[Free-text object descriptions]
- - - - -
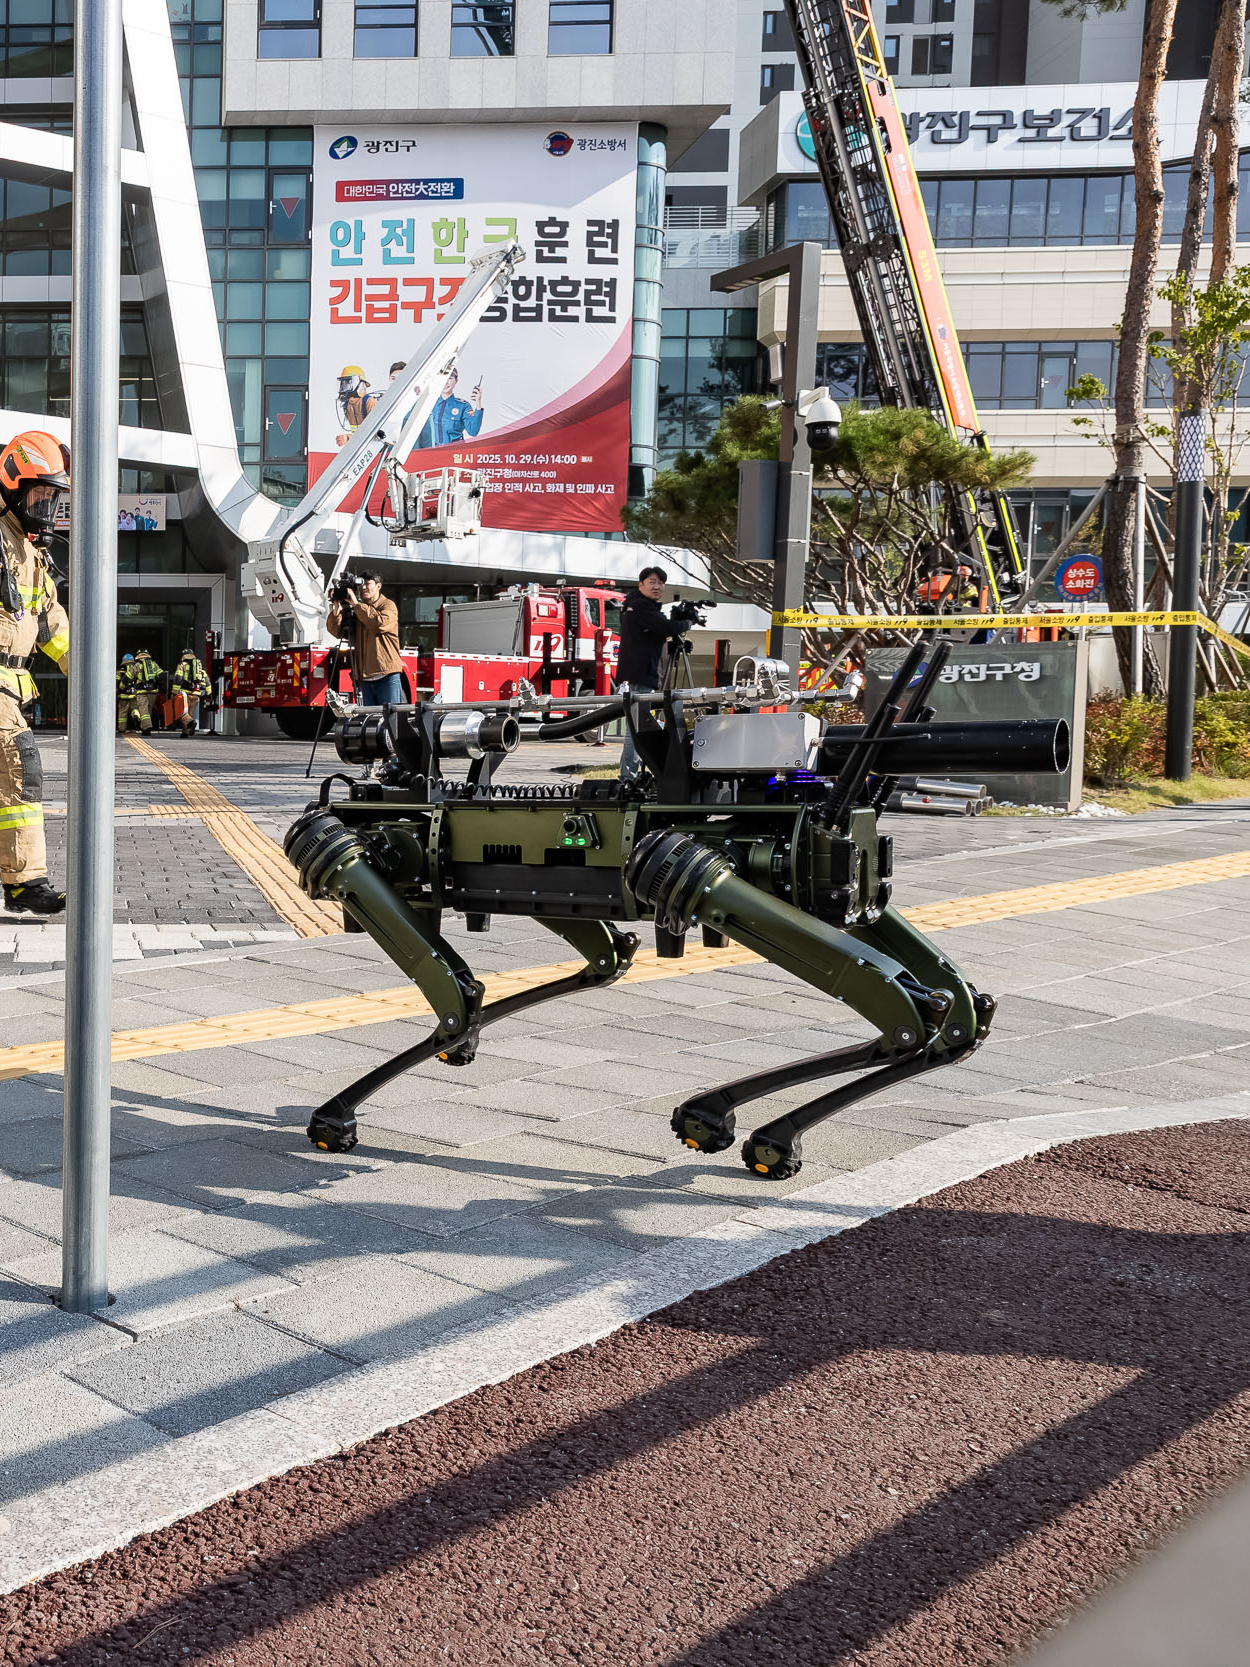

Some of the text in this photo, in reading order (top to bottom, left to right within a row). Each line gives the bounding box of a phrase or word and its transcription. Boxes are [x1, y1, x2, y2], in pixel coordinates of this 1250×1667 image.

[363, 139, 418, 153] 광진구
[576, 138, 627, 151] 광진소방서
[343, 181, 455, 198] 대한민국 안전大전환
[918, 249, 933, 282] 53M
[352, 450, 374, 477] EAP28
[477, 453, 501, 464] 2025.
[504, 453, 517, 464] 10.
[519, 453, 549, 465] 29.(수)
[551, 454, 577, 464] 14:00
[504, 483, 523, 493] 인적
[524, 483, 545, 494] 사고,
[546, 483, 564, 494] 화재
[565, 483, 575, 494] 및
[576, 484, 595, 494] 인파
[596, 484, 615, 494] 사고
[1067, 568, 1095, 578] 상수도
[1065, 579, 1095, 589] 소화전
[939, 662, 1041, 683] 광진구청
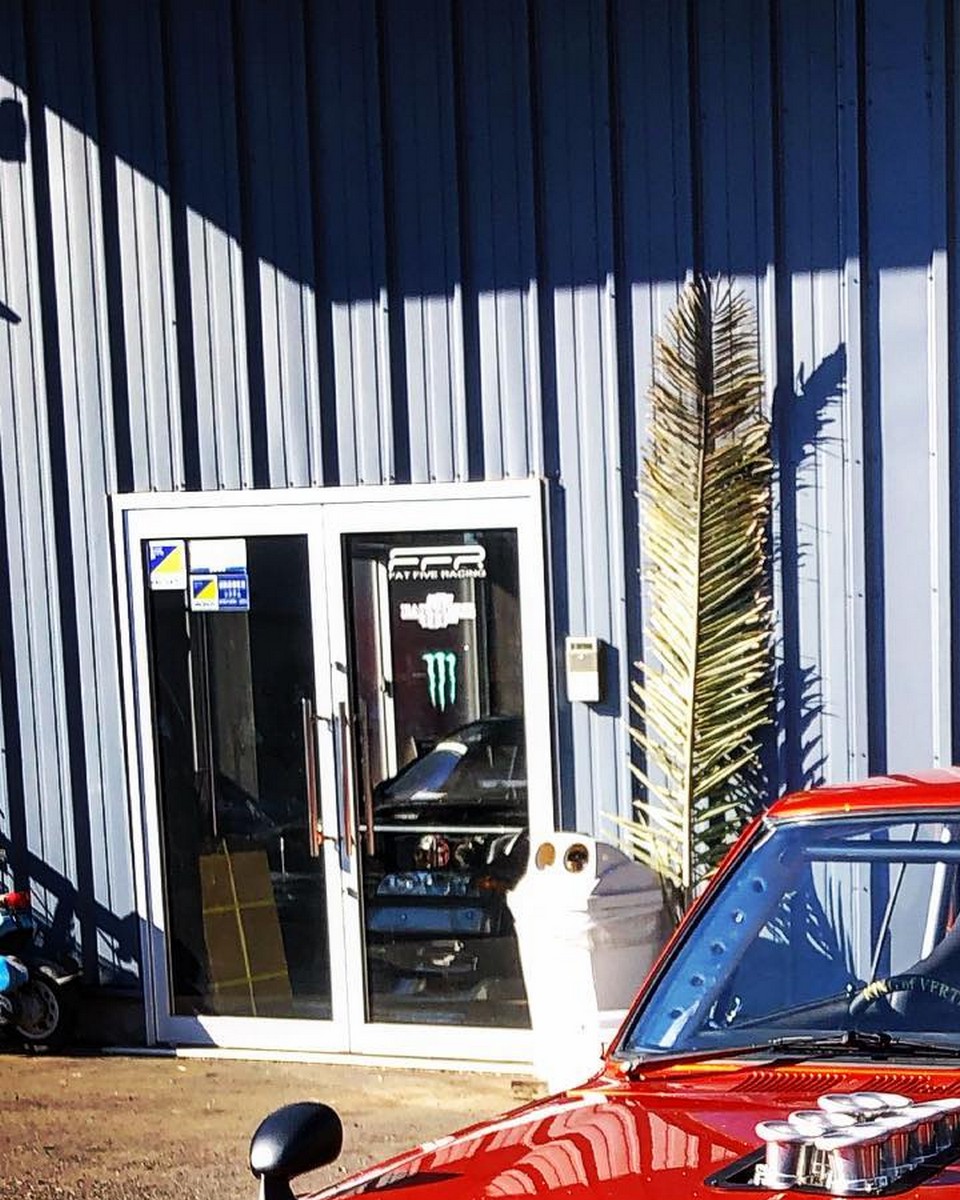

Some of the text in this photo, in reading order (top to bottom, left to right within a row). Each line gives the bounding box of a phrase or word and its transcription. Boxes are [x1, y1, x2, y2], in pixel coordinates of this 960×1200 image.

[388, 568, 487, 580] FAT FIVE RACING
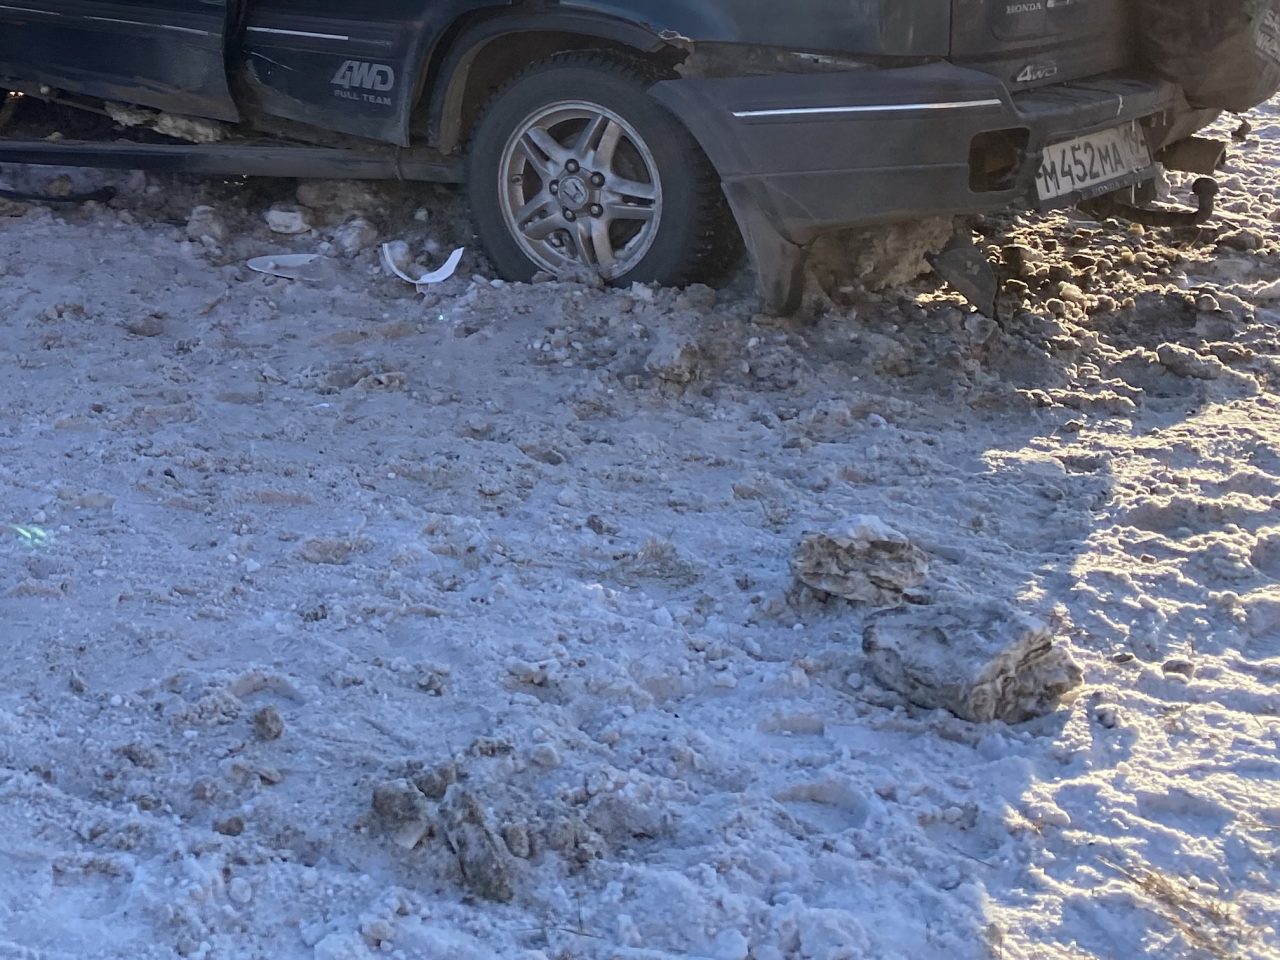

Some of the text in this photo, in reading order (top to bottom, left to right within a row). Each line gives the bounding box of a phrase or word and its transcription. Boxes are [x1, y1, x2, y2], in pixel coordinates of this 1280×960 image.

[1006, 2, 1042, 14] HONDA
[330, 59, 395, 91] 4WD
[1016, 65, 1057, 82] 4WD
[334, 90, 392, 106] FULL TEAM
[1041, 141, 1125, 194] М452МА
- - - - -
Exercise details: A faithful copy is needed: reproduce all of the data above, leaving the pictures out.

Reply:
Some of the text in this photo, in reading order (top to bottom, left to right within a row). Each line gives the bounding box of a phrase or word and its transcription. Boxes are [x1, y1, x2, y2], in pixel coordinates of this 1250×1667 image.

[363, 139, 418, 153] 광진구
[576, 138, 627, 151] 광진소방서
[343, 181, 455, 198] 대한민국 안전大전환
[918, 249, 933, 282] 53M
[352, 450, 374, 477] EAP28
[477, 453, 501, 464] 2025.
[504, 453, 517, 464] 10.
[519, 453, 549, 465] 29.(수)
[551, 454, 577, 464] 14:00
[504, 483, 523, 493] 인적
[524, 483, 545, 494] 사고,
[546, 483, 564, 494] 화재
[565, 483, 575, 494] 및
[576, 484, 595, 494] 인파
[596, 484, 615, 494] 사고
[1067, 568, 1095, 578] 상수도
[1065, 579, 1095, 589] 소화전
[939, 662, 1041, 683] 광진구청

Some of the text in this photo, in reading order (top to bottom, left to right within a row). Each line gives the bounding box of a phrase or word and its transcription. Boxes are [x1, y1, x2, y2], in pixel coordinates of this 960×1200 image.

[388, 568, 487, 580] FAT FIVE RACING

Some of the text in this photo, in reading order (top to bottom, left to right within a row). Each line gives the bounding box of a phrase or word and its transcription. Boxes are [x1, y1, x2, y2], in pixel coordinates of this 1280×960 image.

[1006, 2, 1042, 14] HONDA
[330, 59, 395, 91] 4WD
[1016, 65, 1057, 82] 4WD
[334, 90, 392, 106] FULL TEAM
[1041, 141, 1125, 194] М452МА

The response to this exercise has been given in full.